### Records shown

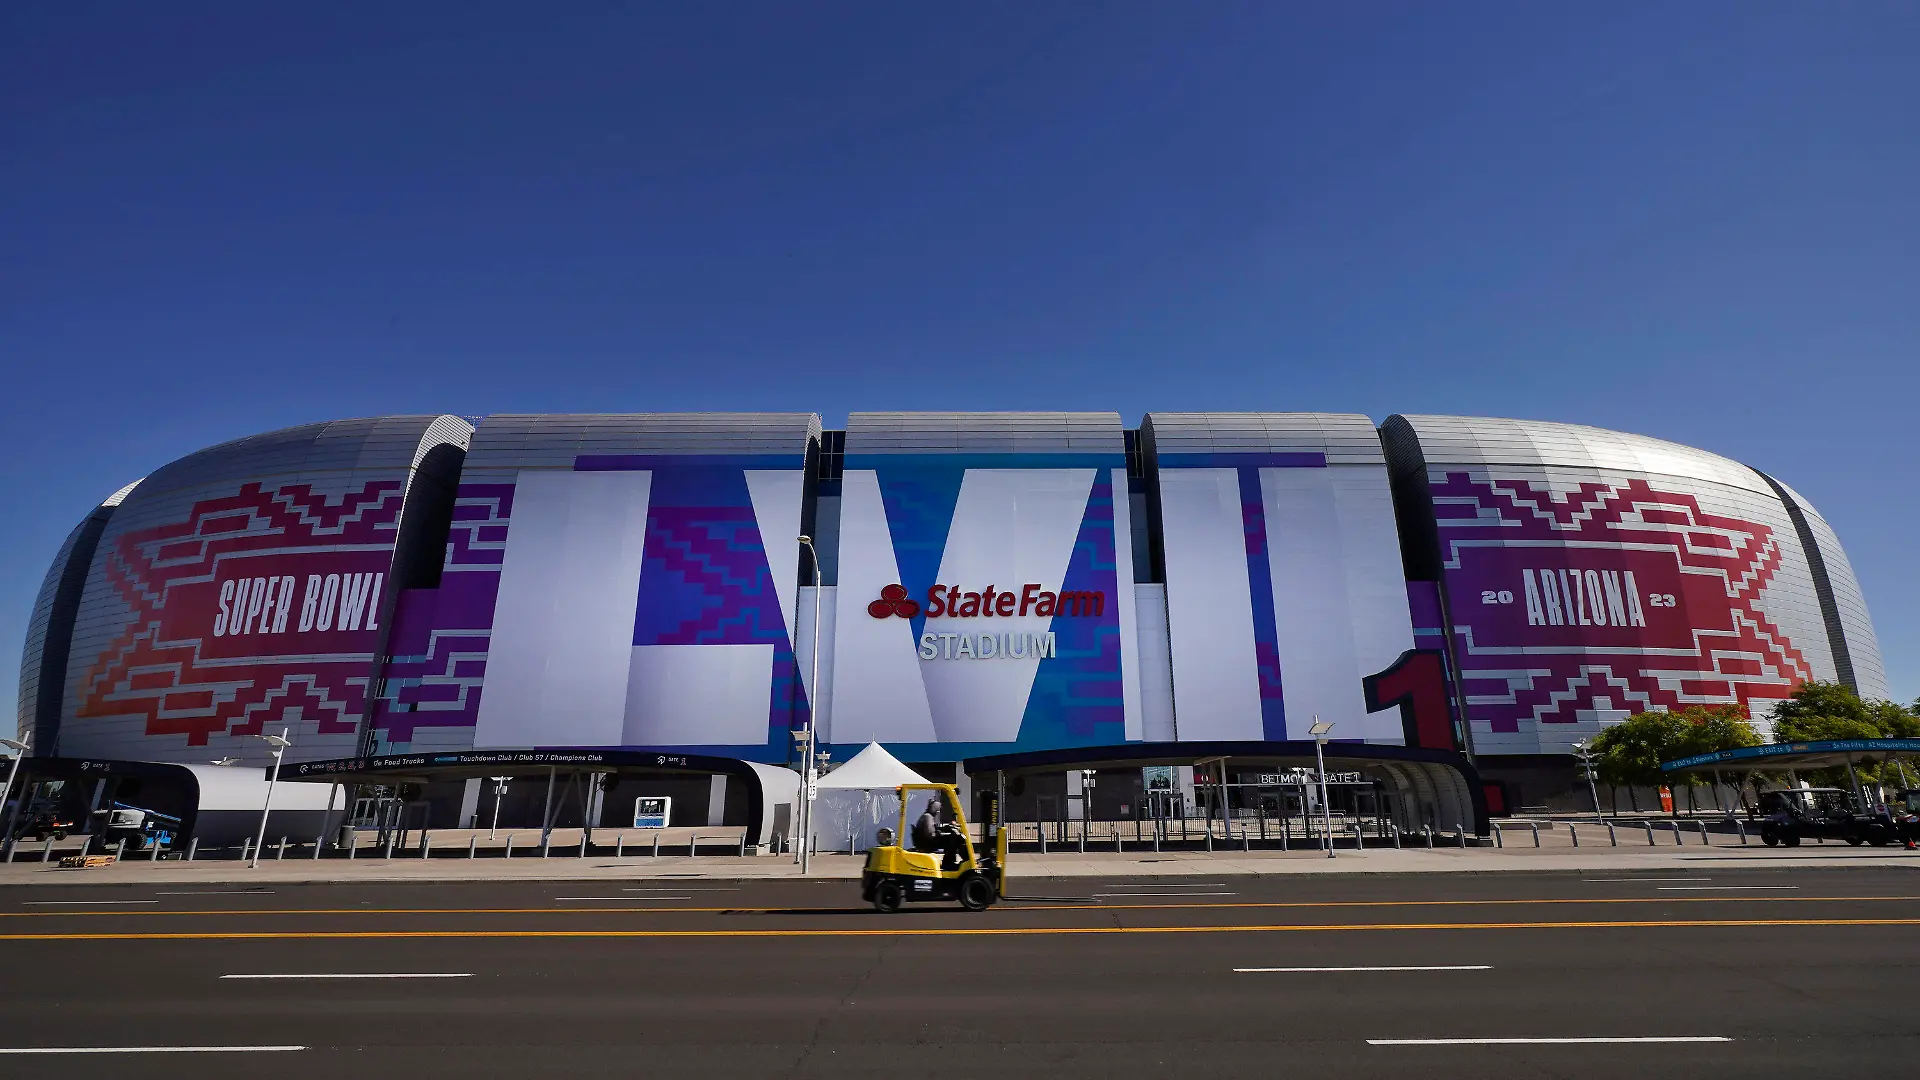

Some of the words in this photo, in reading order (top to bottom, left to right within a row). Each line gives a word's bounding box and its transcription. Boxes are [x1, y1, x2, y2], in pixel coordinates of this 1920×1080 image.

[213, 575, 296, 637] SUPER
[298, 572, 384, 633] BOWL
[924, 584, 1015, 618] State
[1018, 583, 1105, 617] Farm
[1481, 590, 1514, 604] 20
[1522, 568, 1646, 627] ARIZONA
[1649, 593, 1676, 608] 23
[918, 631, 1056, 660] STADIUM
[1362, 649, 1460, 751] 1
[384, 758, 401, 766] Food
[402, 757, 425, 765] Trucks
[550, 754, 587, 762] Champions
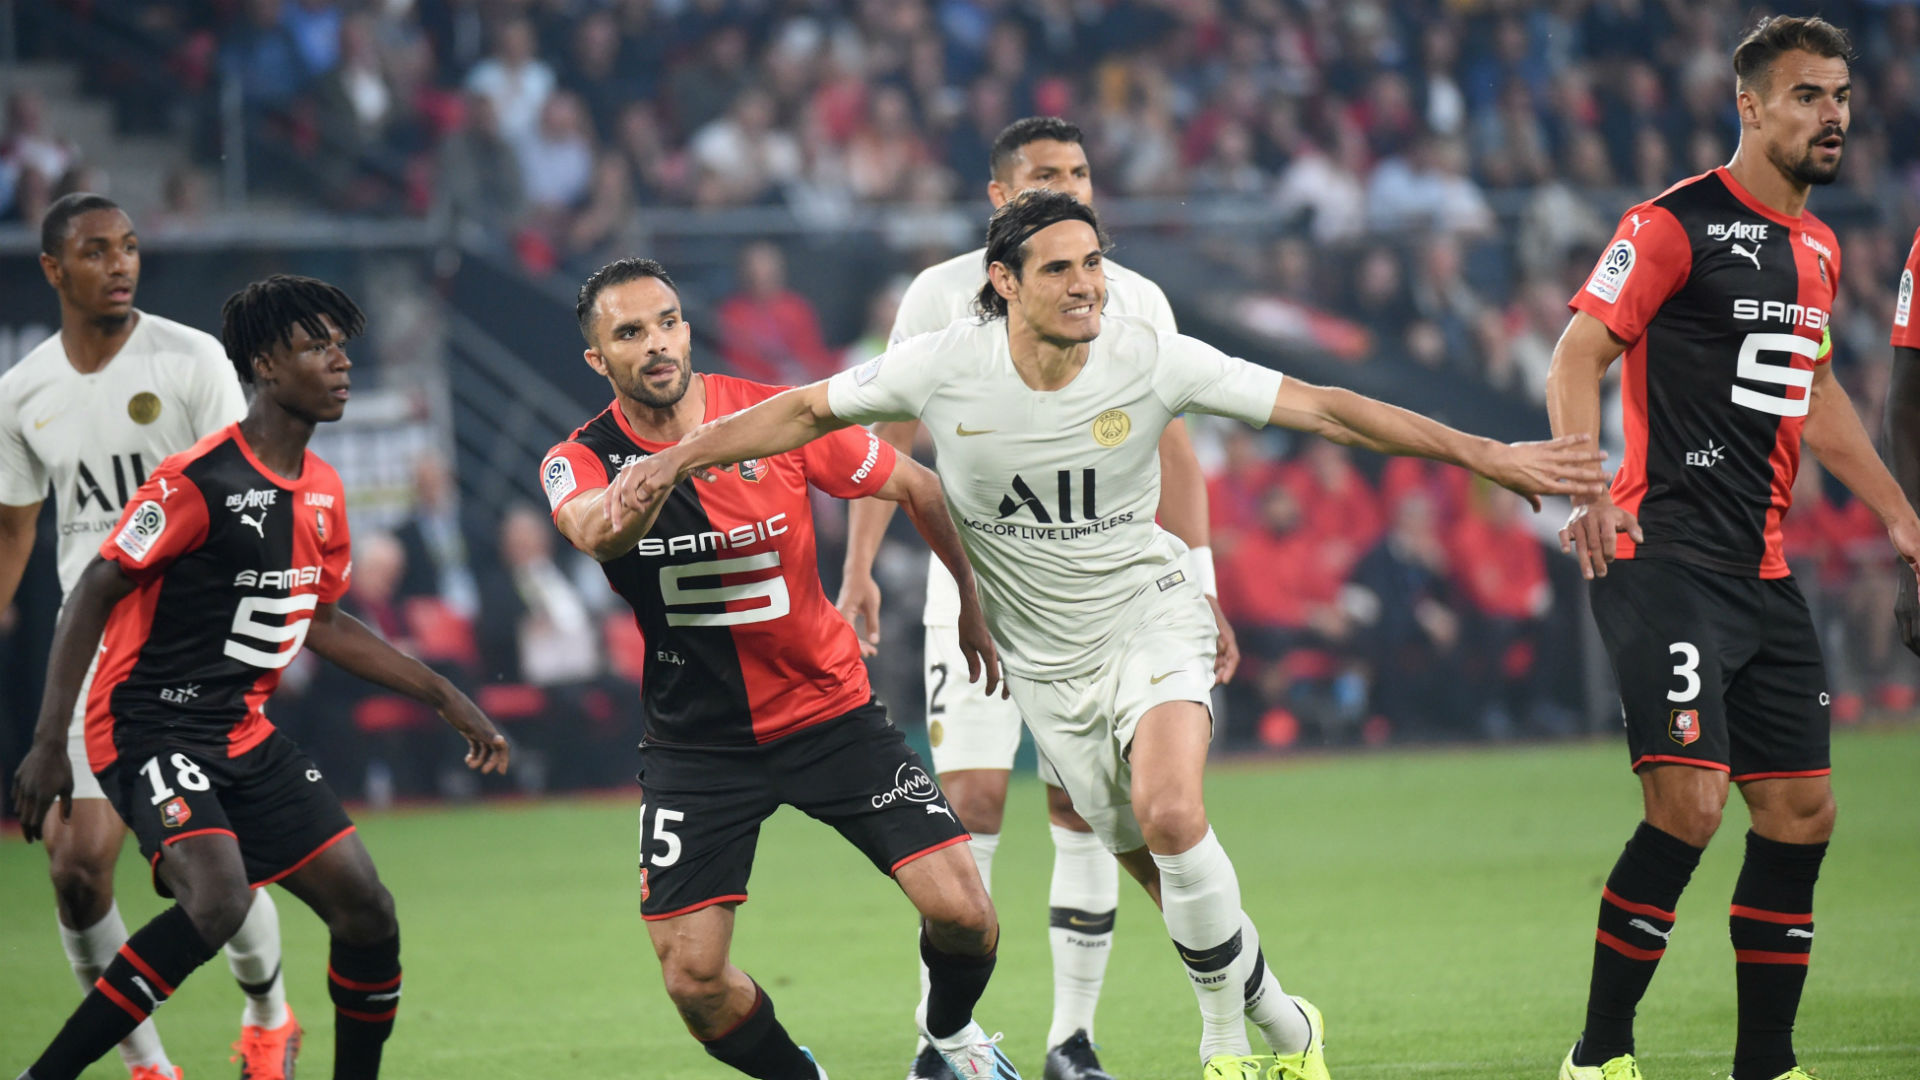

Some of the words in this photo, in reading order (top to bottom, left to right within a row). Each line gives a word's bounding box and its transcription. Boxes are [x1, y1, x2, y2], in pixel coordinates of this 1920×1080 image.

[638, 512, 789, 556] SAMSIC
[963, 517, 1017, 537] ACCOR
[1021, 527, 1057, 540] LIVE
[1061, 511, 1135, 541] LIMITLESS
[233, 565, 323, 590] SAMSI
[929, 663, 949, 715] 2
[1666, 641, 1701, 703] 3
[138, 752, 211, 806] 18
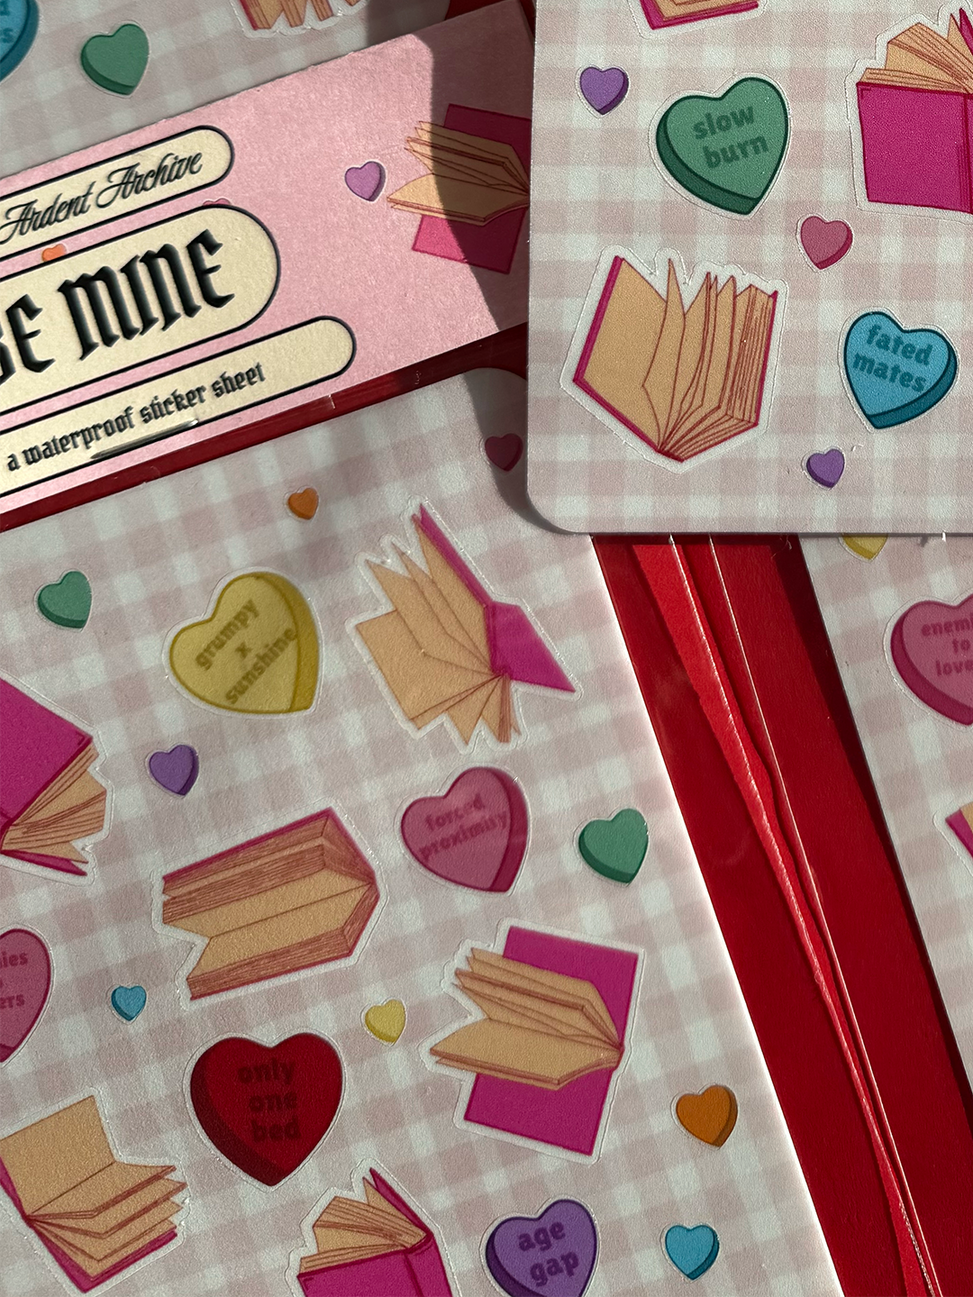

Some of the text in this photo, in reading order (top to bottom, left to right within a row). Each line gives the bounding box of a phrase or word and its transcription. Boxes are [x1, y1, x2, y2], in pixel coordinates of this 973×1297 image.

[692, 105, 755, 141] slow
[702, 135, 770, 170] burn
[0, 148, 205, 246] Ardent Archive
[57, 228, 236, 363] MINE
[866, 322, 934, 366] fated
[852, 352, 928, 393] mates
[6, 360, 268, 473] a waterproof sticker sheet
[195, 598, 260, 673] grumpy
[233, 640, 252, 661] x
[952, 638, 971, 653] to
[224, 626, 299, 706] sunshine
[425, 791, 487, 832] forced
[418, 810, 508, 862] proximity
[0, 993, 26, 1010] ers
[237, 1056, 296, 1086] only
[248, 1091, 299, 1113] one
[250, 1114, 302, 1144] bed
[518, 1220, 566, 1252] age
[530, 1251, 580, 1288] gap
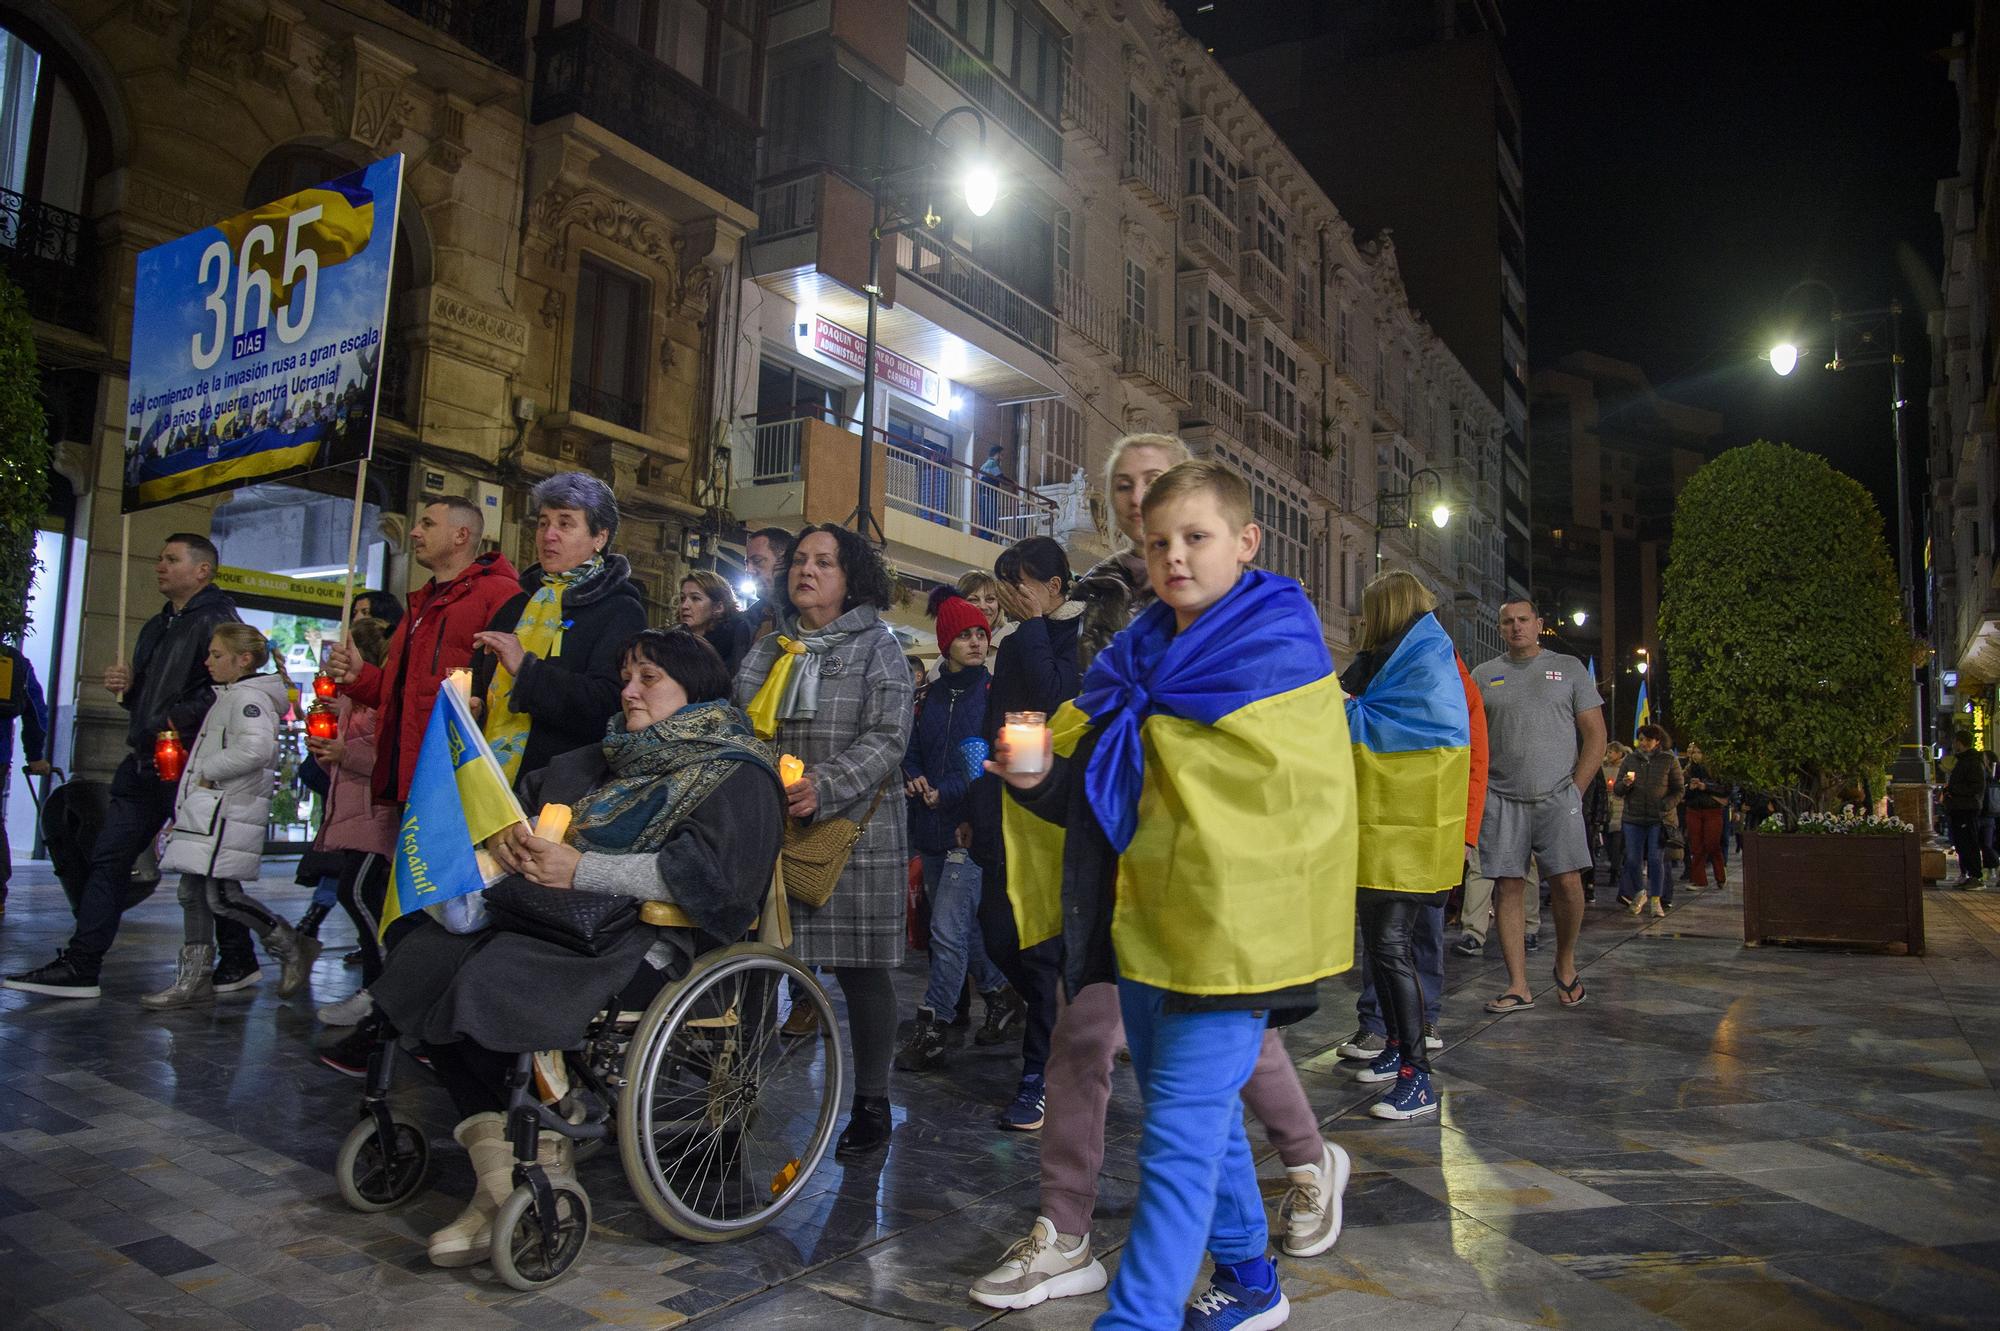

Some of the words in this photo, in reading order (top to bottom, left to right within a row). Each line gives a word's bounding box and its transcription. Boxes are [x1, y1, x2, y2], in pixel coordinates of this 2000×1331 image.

######

> [Task to complete] The reply should hold every record, unchanged, and no pictures.

> [Written solution]
Some of the words in this photo, in reading order (top to bottom, left to right within a row). Each line gives a word's bounding box and its transcription. Boxes are [x1, y1, x2, y2], in pixel coordinates of this 1920×1080 image.

[213, 575, 296, 637] SUPER
[298, 572, 384, 633] BOWL
[924, 584, 1015, 618] State
[1018, 583, 1105, 617] Farm
[1481, 590, 1514, 604] 20
[1522, 568, 1646, 627] ARIZONA
[1649, 593, 1676, 608] 23
[918, 631, 1056, 660] STADIUM
[1362, 649, 1460, 751] 1
[384, 758, 401, 766] Food
[402, 757, 425, 765] Trucks
[550, 754, 587, 762] Champions

Some of the words in this photo, in reading order (top to bottom, left to right within a row). Each line gives a word's bounding box and its transcription. Boxes are [x1, y1, x2, y2], in pixel coordinates of this 1920×1080 image.

[638, 512, 789, 556] SAMSIC
[963, 517, 1017, 537] ACCOR
[1021, 527, 1057, 540] LIVE
[1061, 511, 1135, 541] LIMITLESS
[233, 565, 323, 590] SAMSI
[929, 663, 949, 715] 2
[1666, 641, 1701, 703] 3
[138, 752, 211, 806] 18

Some of the text in this photo, in reading order (top to bottom, left to right within a row). Each line gives the bounding box of a phrase or word and its transcription. Boxes are [x1, y1, x2, y2], in pixel coordinates of this 973×1297 image.

[692, 105, 755, 141] slow
[702, 135, 770, 170] burn
[0, 148, 205, 246] Ardent Archive
[57, 228, 236, 363] MINE
[866, 322, 934, 366] fated
[852, 352, 928, 393] mates
[6, 360, 268, 473] a waterproof sticker sheet
[195, 598, 260, 673] grumpy
[233, 640, 252, 661] x
[952, 638, 971, 653] to
[224, 626, 299, 706] sunshine
[425, 791, 487, 832] forced
[418, 810, 508, 862] proximity
[0, 993, 26, 1010] ers
[237, 1056, 296, 1086] only
[248, 1091, 299, 1113] one
[250, 1114, 302, 1144] bed
[518, 1220, 566, 1252] age
[530, 1251, 580, 1288] gap

Some of the words in this photo, in reading order (top to bottom, left to right within a row). Each line gives a word's bounding box and its transcription. Boxes are [x1, y1, x2, y2], in pixel coordinates of this 2000×1331 image.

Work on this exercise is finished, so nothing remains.